"Being bipolar"

Here’s a comment that stuck out to me recently that I wanted to highlight:

I think a lot of us feel like our disorder defines us and who we are. Often times, I feel this way. When I meet new people (which is a difficult thing in itself), I can always tell a difference in how they treat me once they learn that I’m bipolar. It only serves to solidify the notion that being bipolar defines me.

When I began this blog, my subtitle for my blog, depression introspection, was “a born-again Christian female ponders whether she is her diagnosis or whether her diagnosis is part of her.” I wrote back in February 2007 about how people are not their diagnoses. I no longer subscribe to the idea that I am bipolar but that I, rather, suffer from bipolar disorder. I beg to differ that we are not our diagnoses and I will do everything I can to remind myself that Marissa does not equal bipolar disorder. I am so much more than my diagnosis. As I said on my “Who I Am” page in the More About Me section:

This blog has helped me to recognize many of the things that I am.
That
I truly am more than my diagnosis and that my diagnosis does not define
me. I am not just a person with manic and depressive episodes. I am a
person with a personality….
This is my journey to learn more about myself, my diagnosis, my medical
treatment, and anything relating to my personal life and general mental
health.

Not only that, but as a Bible-believing Christian, I’m learning that my identity needs to be grounded more in God and what He thinks of me rather than what I think of myself.
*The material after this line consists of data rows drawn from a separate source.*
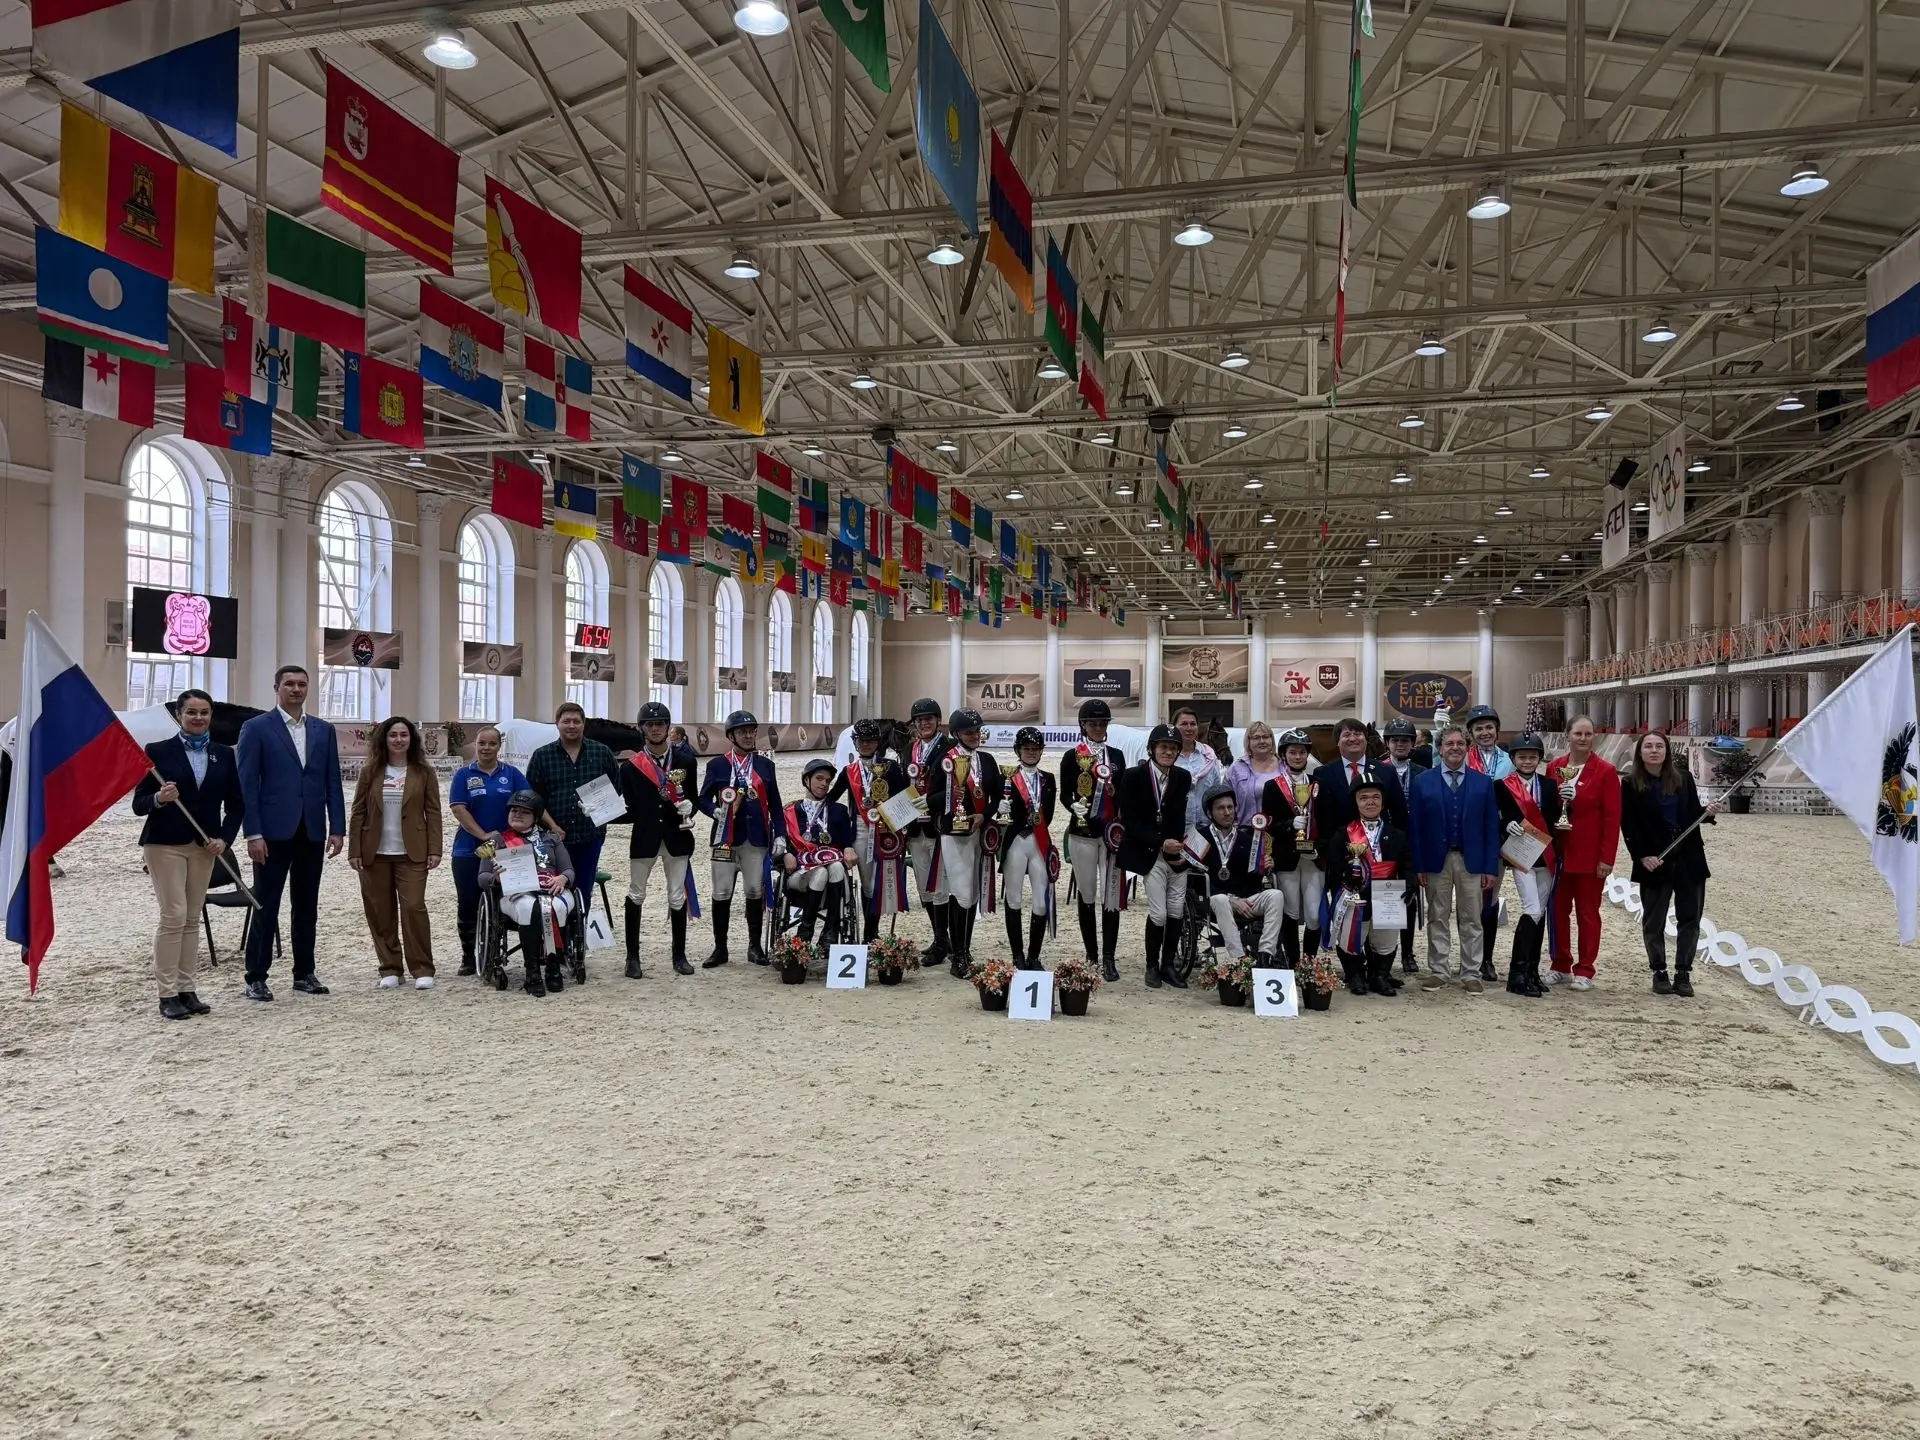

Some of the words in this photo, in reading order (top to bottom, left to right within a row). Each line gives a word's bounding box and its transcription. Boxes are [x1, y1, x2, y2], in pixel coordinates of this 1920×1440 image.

[1605, 500, 1625, 540] FEI
[981, 684, 1025, 699] ALIR
[1400, 696, 1455, 708] MEDA
[982, 700, 1023, 711] EMBRYOS
[590, 920, 604, 940] 1
[838, 953, 857, 978] 2
[1025, 981, 1039, 1009] 1
[1265, 979, 1285, 1005] 3
2-Year Anniversary: The Long and Winding Road

I’m aware that my blog has taken a significantly dark turn.  This may alienate some of my readers who seek happier, brighter topics. I don’t think my posts have been negative; on the contrary, I think they’ve been positive. Positive and educational.

I’ve been exploring the topic of suicide recently because it’s a subject that’s quite near and dear to me, now more than ever before.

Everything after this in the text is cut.